The task ▸
Give the data again exactly, without its images.

(The input)

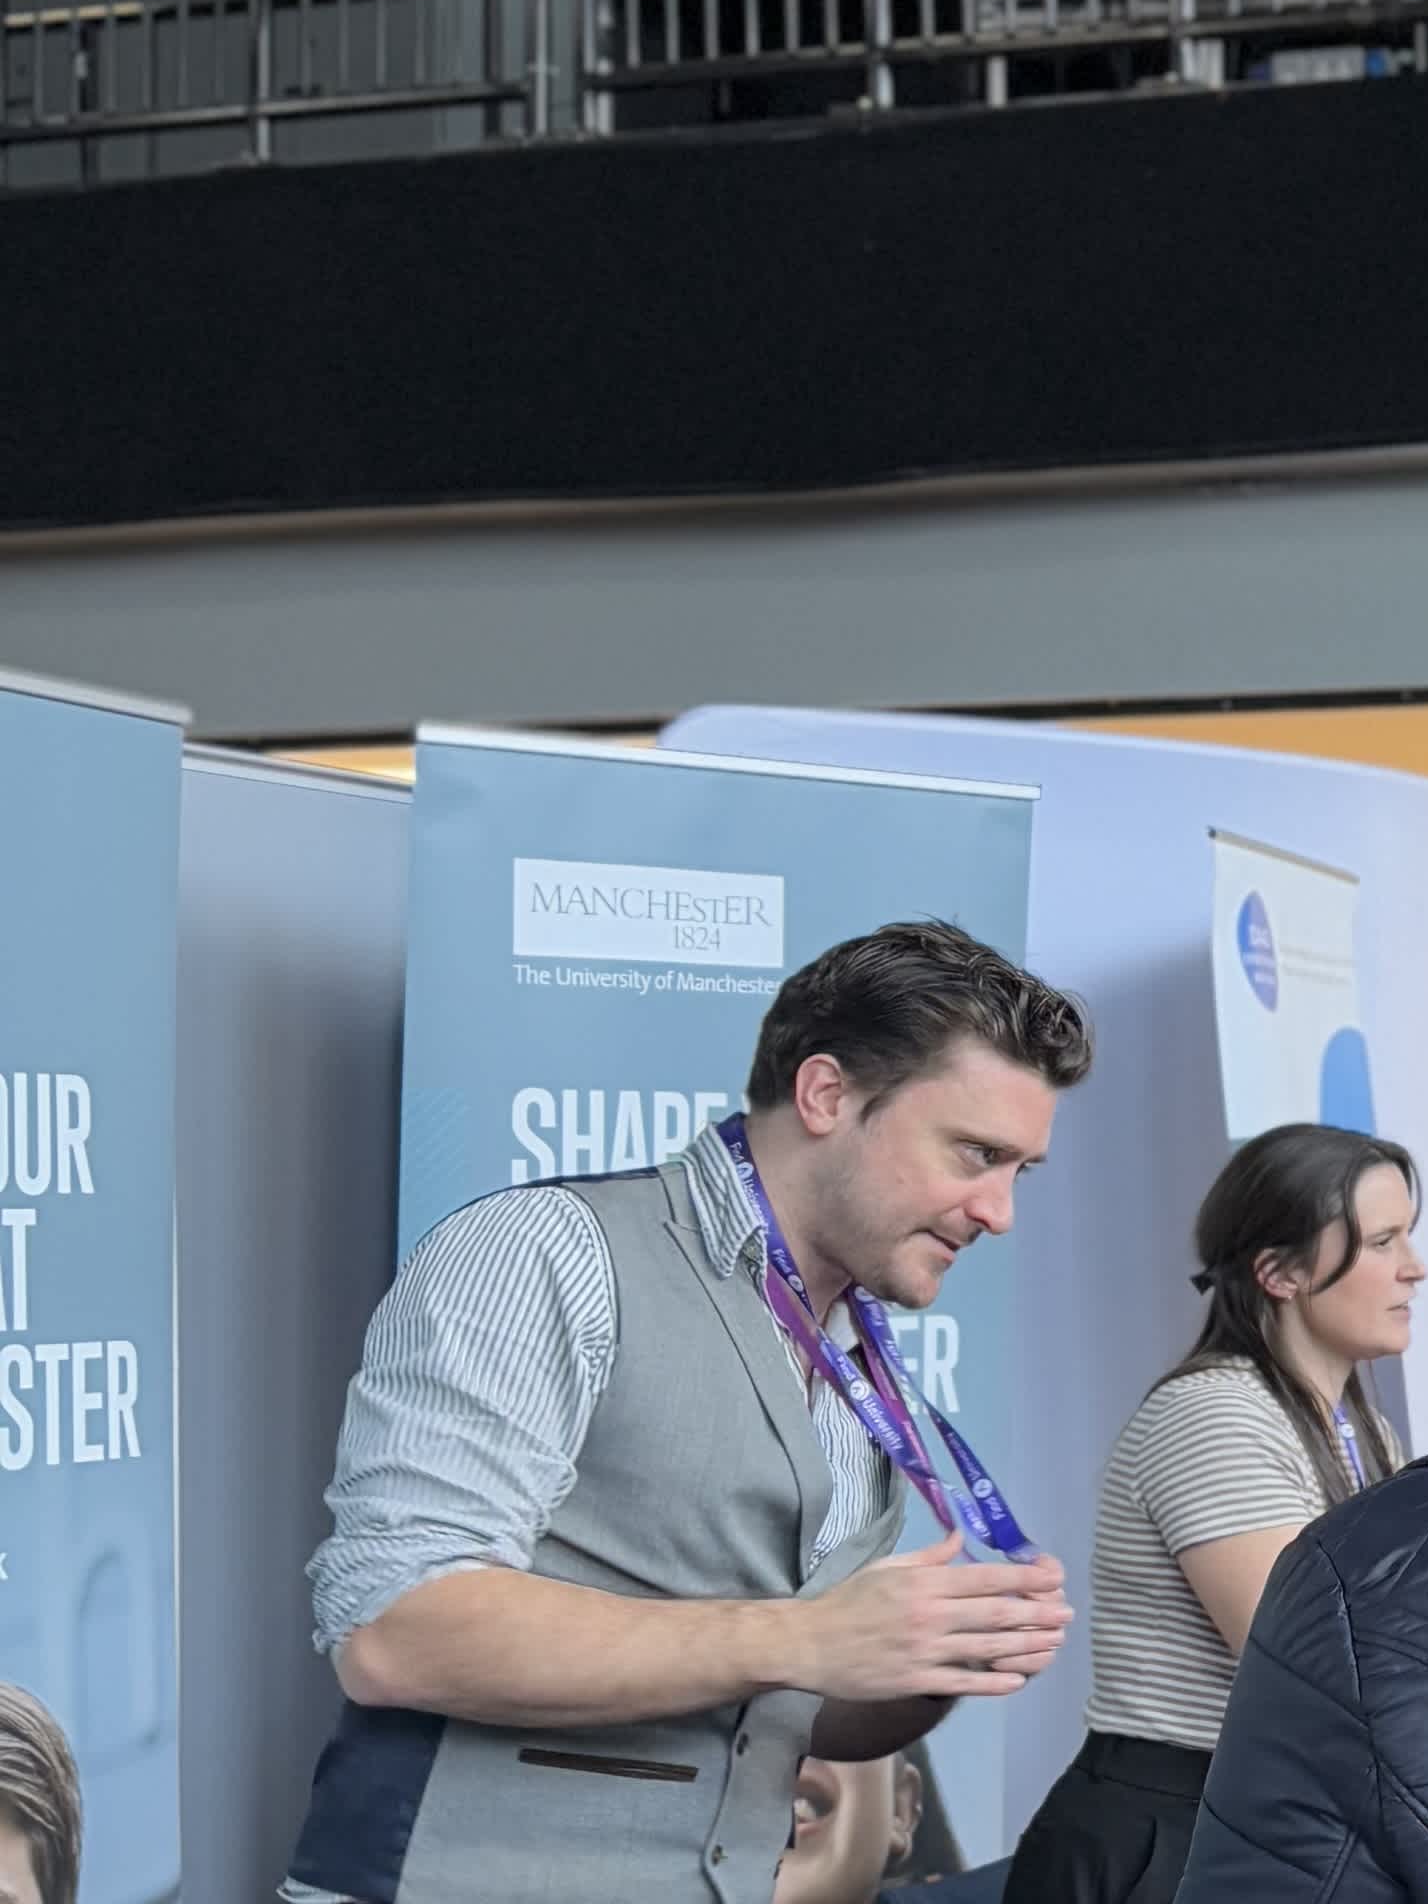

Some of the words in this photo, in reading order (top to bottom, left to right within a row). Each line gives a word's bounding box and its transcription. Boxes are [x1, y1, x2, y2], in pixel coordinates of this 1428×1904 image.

[531, 882, 773, 927] MANCHESTER
[672, 924, 721, 952] 1824
[512, 963, 550, 986] The
[555, 966, 650, 995] University
[655, 970, 675, 991] of
[677, 972, 783, 995] Manchester
[0, 1071, 95, 1197] UR
[836, 1355, 856, 1383] Find
[862, 1398, 904, 1451] University

(End The input)

Output of the task ▸
Some of the words in this photo, in reading order (top to bottom, left to right within a row). Each line gives a word's bounding box and its transcription. Boxes are [x1, y1, x2, y2], in pixel coordinates of this 1428×1904 image.

[531, 882, 773, 927] MANCHESTER
[672, 924, 721, 952] 1824
[512, 963, 550, 986] The
[555, 966, 650, 995] University
[655, 970, 675, 991] of
[677, 972, 783, 995] Manchester
[0, 1071, 95, 1197] UR
[836, 1355, 856, 1383] Find
[862, 1398, 904, 1451] University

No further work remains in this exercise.